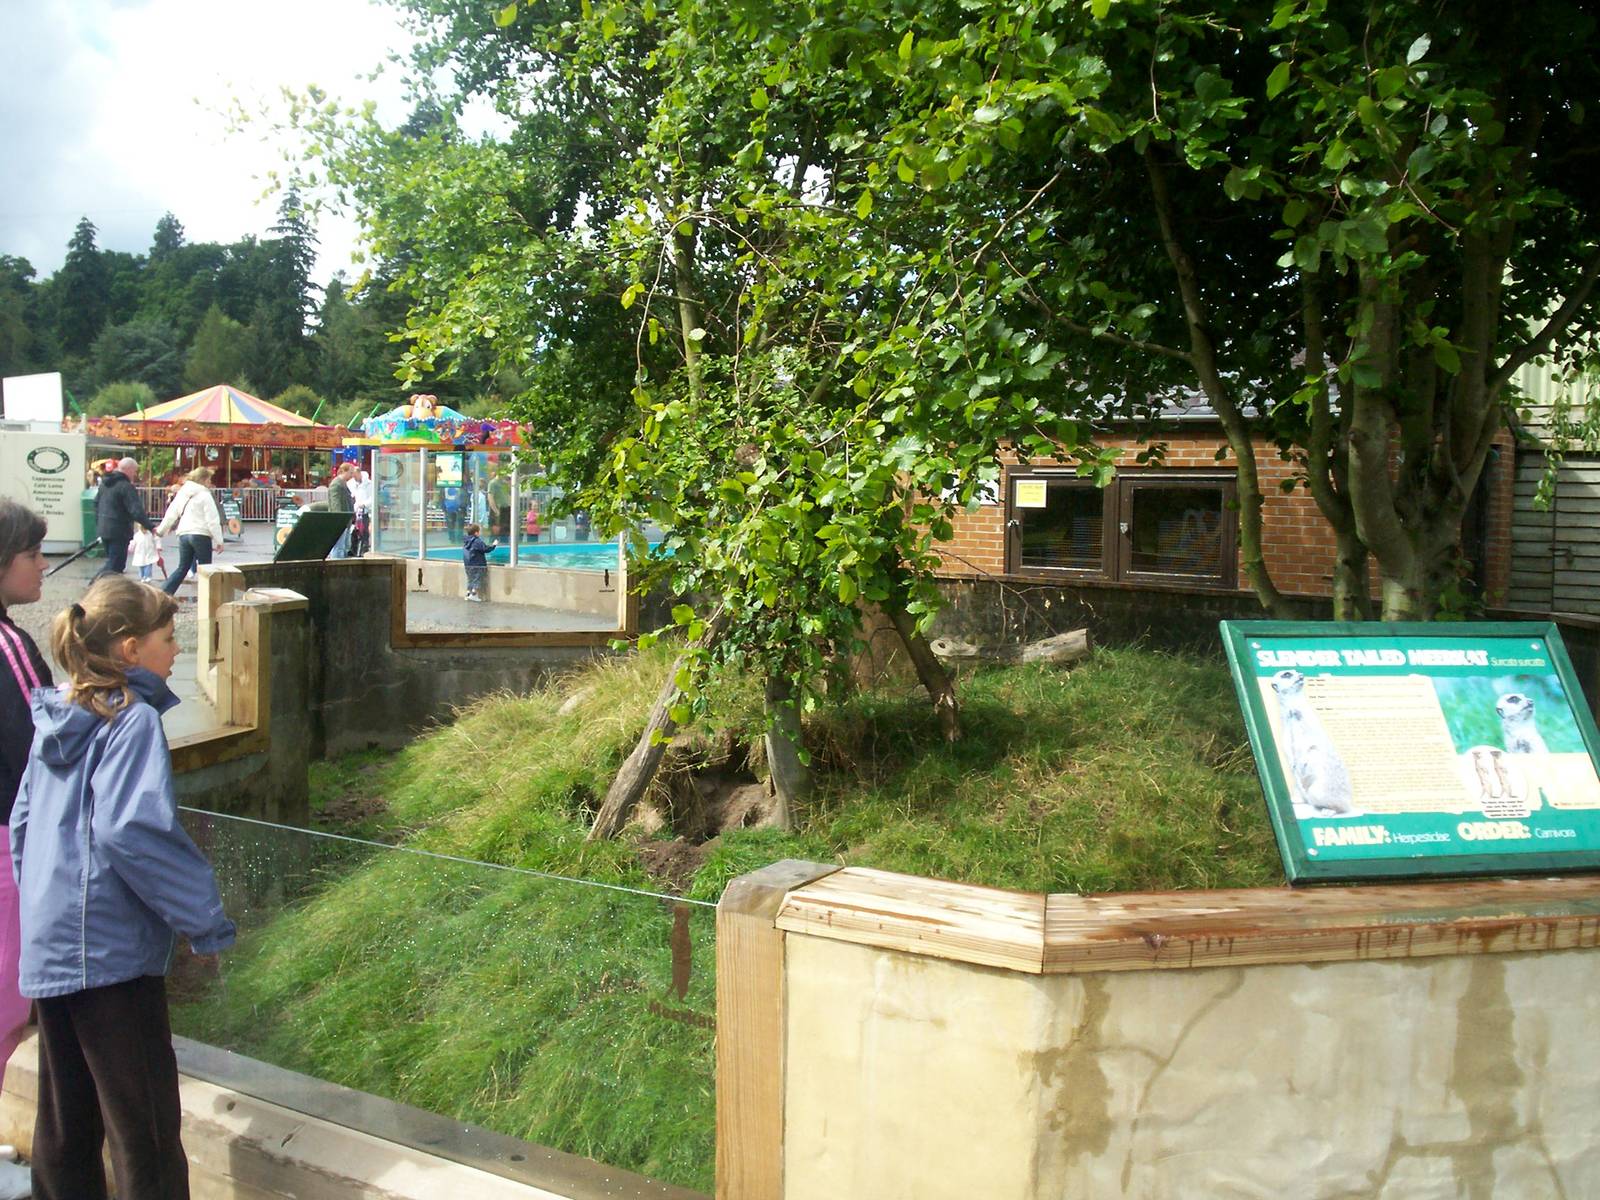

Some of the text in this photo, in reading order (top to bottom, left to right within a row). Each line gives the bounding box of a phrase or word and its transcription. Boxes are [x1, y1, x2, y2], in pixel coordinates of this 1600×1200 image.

[1256, 649, 1489, 667] SLENDER TAILED MEERKAT
[1311, 825, 1392, 846] FAMILY:
[1457, 821, 1532, 840] ORDER:
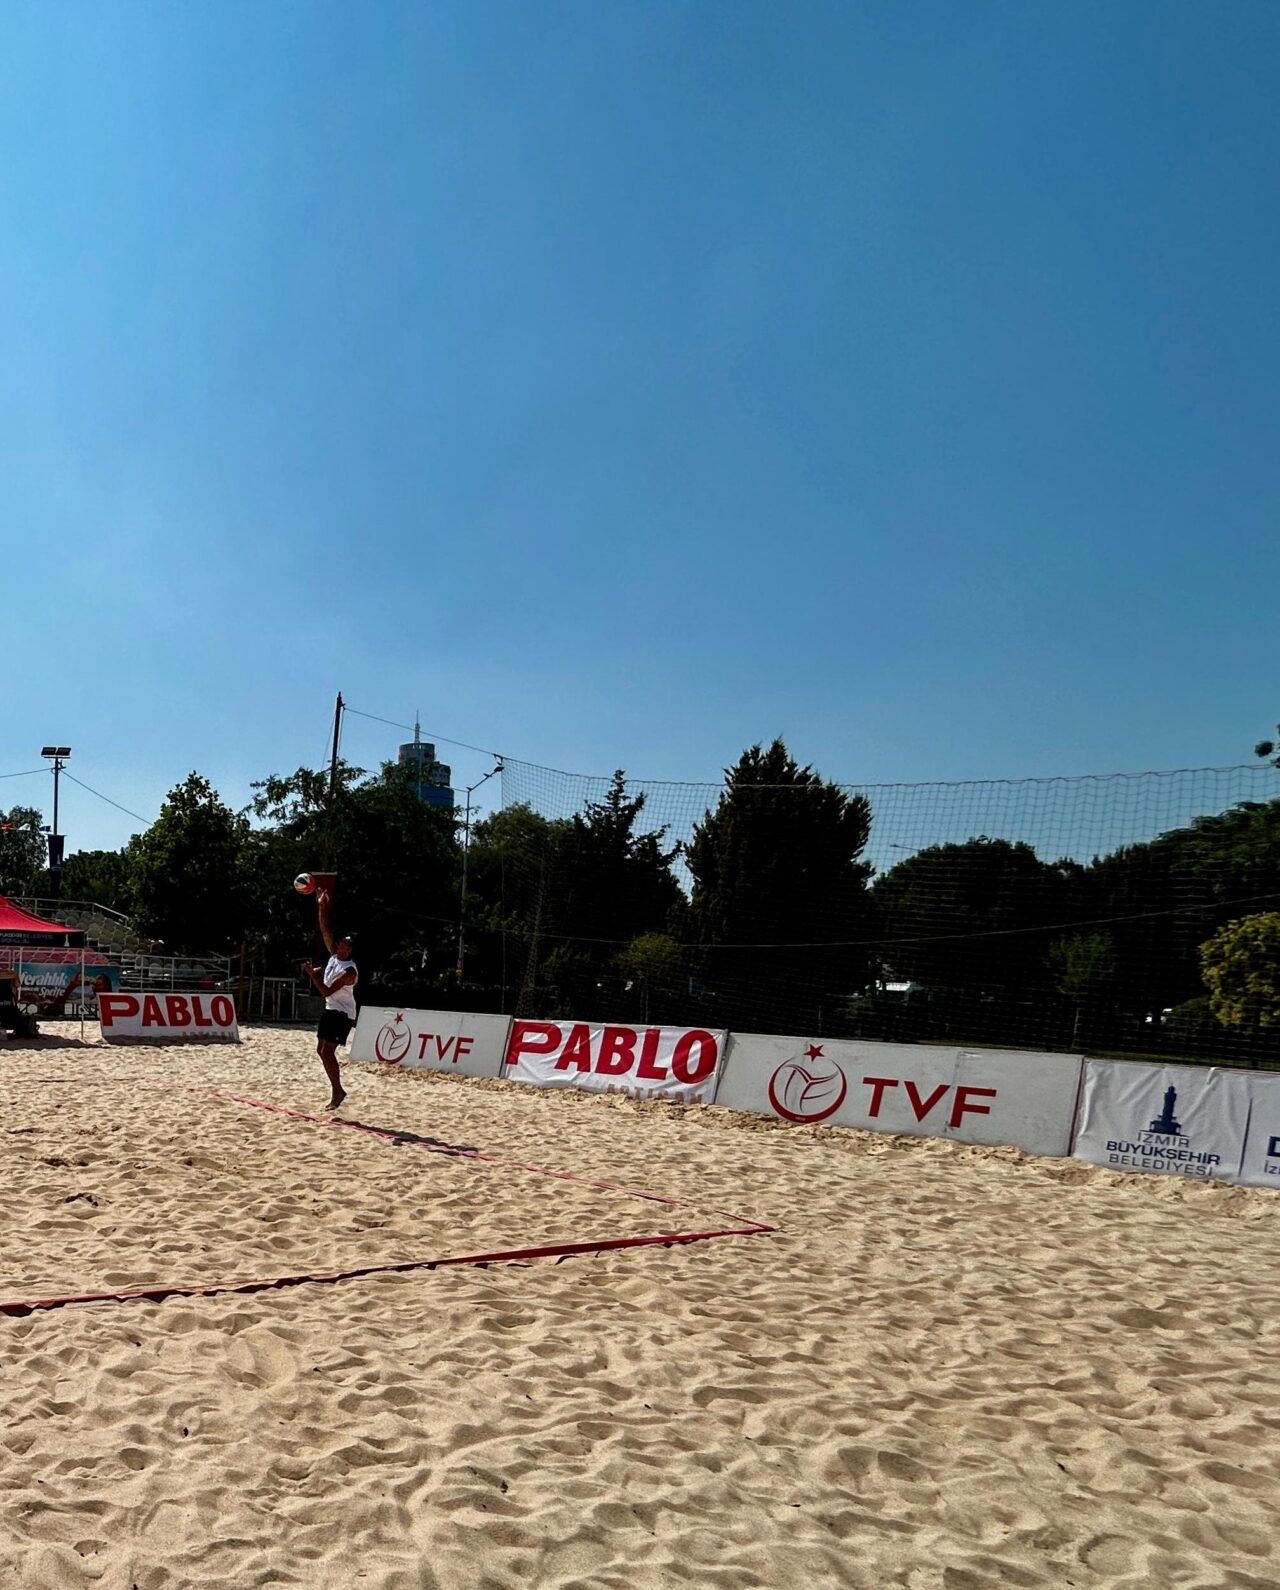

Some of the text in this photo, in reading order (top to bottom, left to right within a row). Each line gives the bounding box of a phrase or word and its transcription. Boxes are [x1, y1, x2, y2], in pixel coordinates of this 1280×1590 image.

[98, 994, 235, 1028] PABLO
[418, 1033, 474, 1064] TVF
[505, 1021, 718, 1084] PABLO
[862, 1076, 997, 1129] TVF

• • • • •

ACTION ITEM:
Go through the listing above and quote it exactly, apart from its images.

EXERCISE RESPONSE:
Some of the text in this photo, in reading order (top to bottom, left to right within a row). Each line gives the bounding box of a phrase or word and its transcription. Boxes are [x1, y1, x2, y2], in pixel coordinates of this 1600×1200 image.

[1256, 649, 1489, 667] SLENDER TAILED MEERKAT
[1311, 825, 1392, 846] FAMILY:
[1457, 821, 1532, 840] ORDER:

Some of the text in this photo, in reading order (top to bottom, left to right within a row). Each line gives the bounding box of a phrase or word and its transcription. Boxes are [x1, y1, x2, y2], in pixel coordinates of this 1280×1590 image.

[98, 994, 235, 1028] PABLO
[418, 1033, 474, 1064] TVF
[505, 1021, 718, 1084] PABLO
[862, 1076, 997, 1129] TVF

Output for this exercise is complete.